Codacons, ricorso al Tar contro le Asl che rifiutano l’espianto di protesi Pip

Redazione DottNet | 23/01/2012 17:36

Il Codacons inoltrerà domani un ricorso al Tar del Lazio contro la Asl di Pisa, che ''ha rifiutato l'espianto di protesi mammaria Pip ad una signora che ne aveva fatto richiesta''. Lo annuncia la stessa associazione in una nota. ''Un ministro particolarmente sensibile ai problemi dei cittadini, Renato Balduzzi, che - sottolinea l'associazione - ha ricevuto il presidente del Codacons, Carlo Rienzi, nella sede del Ministero a Roma''. Il Ministro, si legge nella nota, ''ha promesso che alla fine del monitoraggio ordinato per le protesi Pip pericolose, impartirà al Servizio Sanitario Nazionale istruzioni sul da farsi''.

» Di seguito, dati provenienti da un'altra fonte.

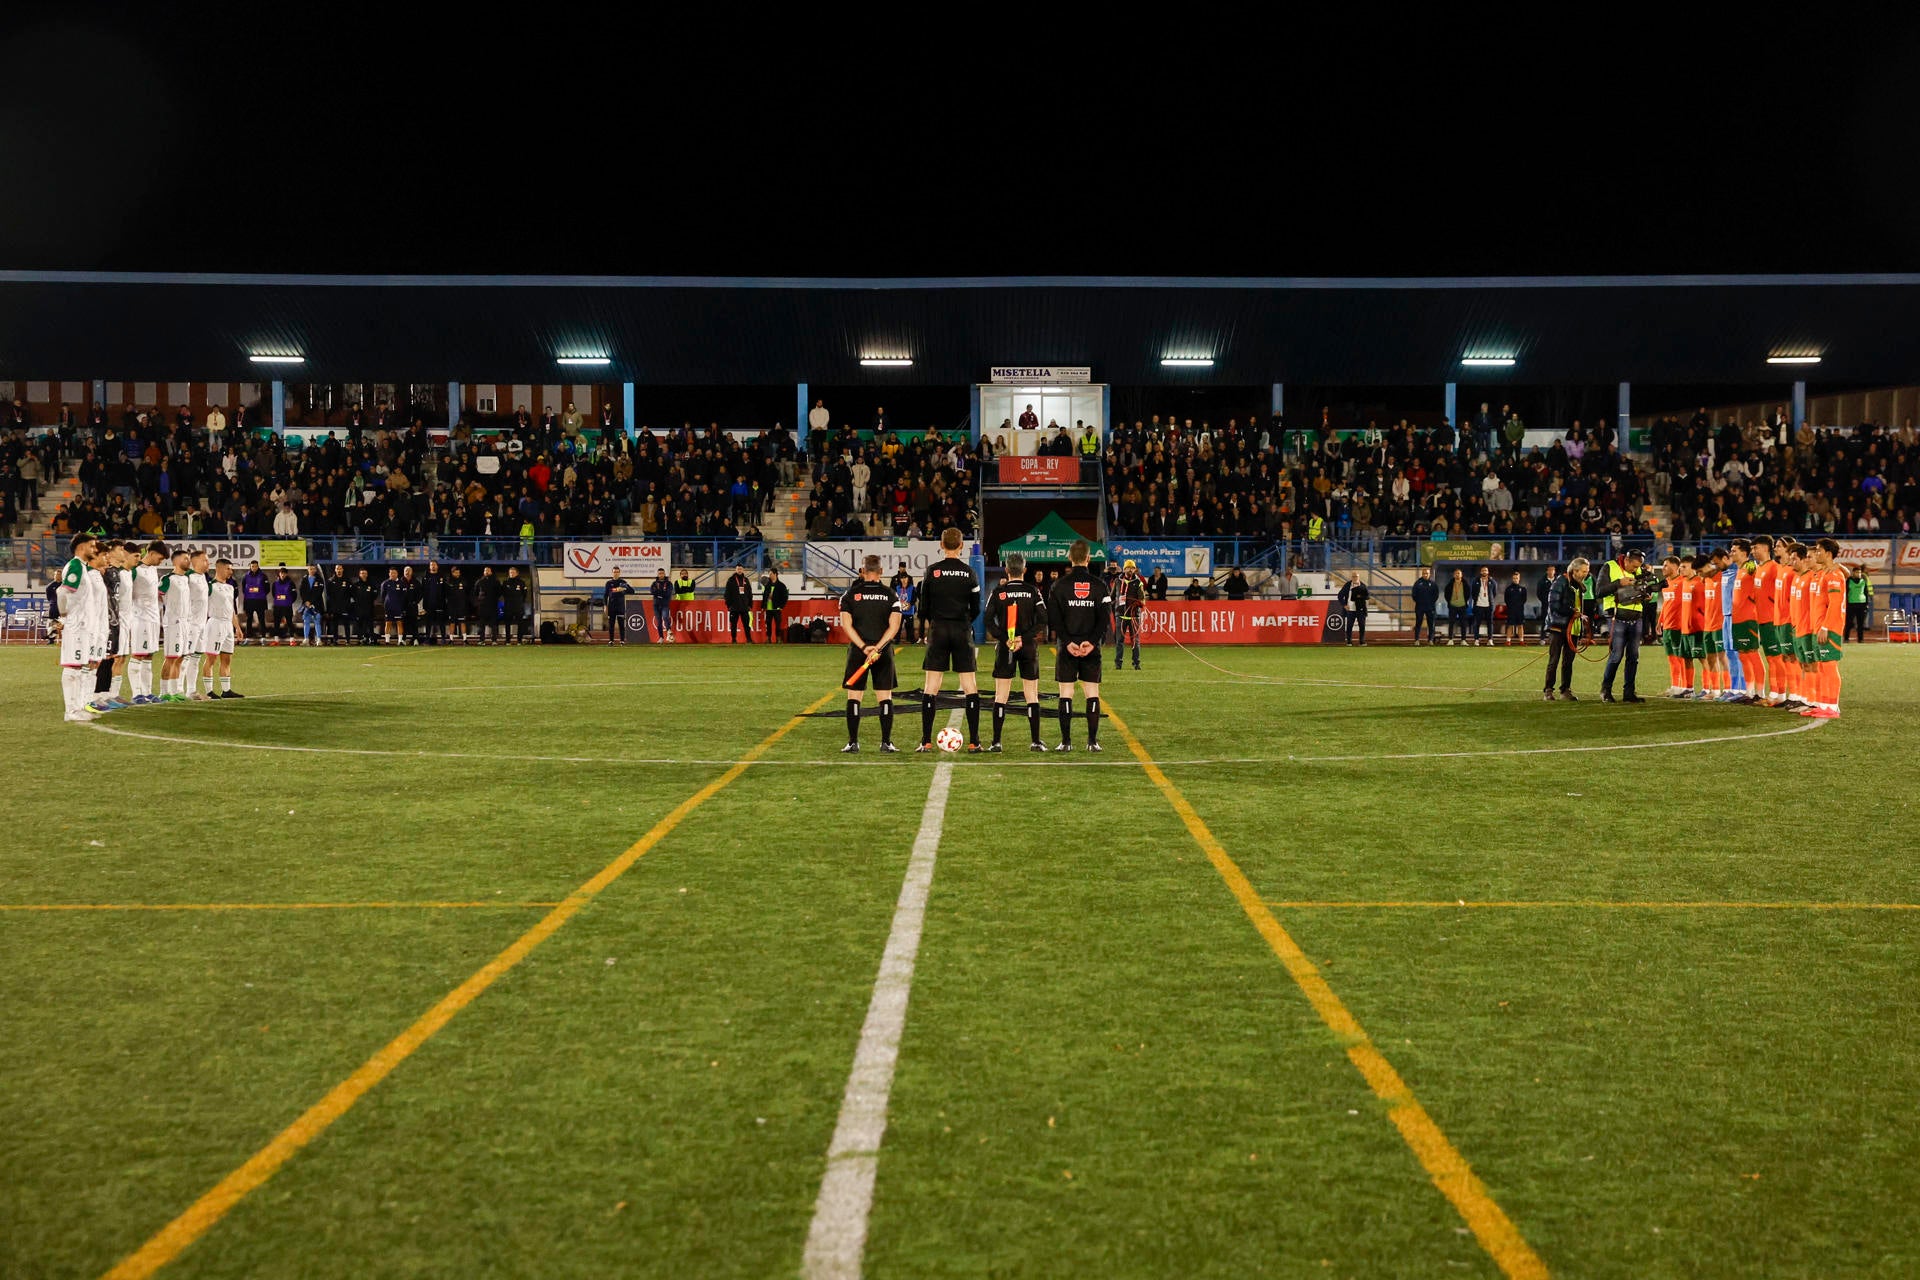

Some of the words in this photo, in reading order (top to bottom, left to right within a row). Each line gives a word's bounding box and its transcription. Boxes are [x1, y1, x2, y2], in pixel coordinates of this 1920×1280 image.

Ma intanto, denuncia l'associazione, ''alle donne che chiedono l'espianto delle protesi in questione e successivo reimpianto viene opposto un rifiuto immotivato da parte del SSN, tanto che il Codacons inoltrerà domani un ricorso al Tar del Lazio contro la Asl di Pisa, che ha rifiutato l'espianto di protesi mammaria ad una signora''. Nel corso dell'incontro con il ministro, Rienzi ha presentato un dossier con 15 proposte che ''a costo zero - spiega - possono migliorare la qualità dell'assistenza e della sanità nel nostro paese: Le proposte vanno dal prezzo eccessivo dei farmaci, alla prevenzione delle ludopatie e dell'obesità, e ai problemi della riabilitazione, tutti fenomeni gravi che costano allo Stato milioni di euro ogni anno e potrebbero invece essere prevenuti per tempo''. Tra le segnalazioni del Codacons al ministro Balduzzi, anche quella inerente lo ''spreco di risorse economiche per finanziare progetti inutili e anzi dannosi''. Tutte le proposte, conclude il Codacons, ''saranno approfondite in un prossimo incontro tra il dicastero e l'associazione dei consumatori''.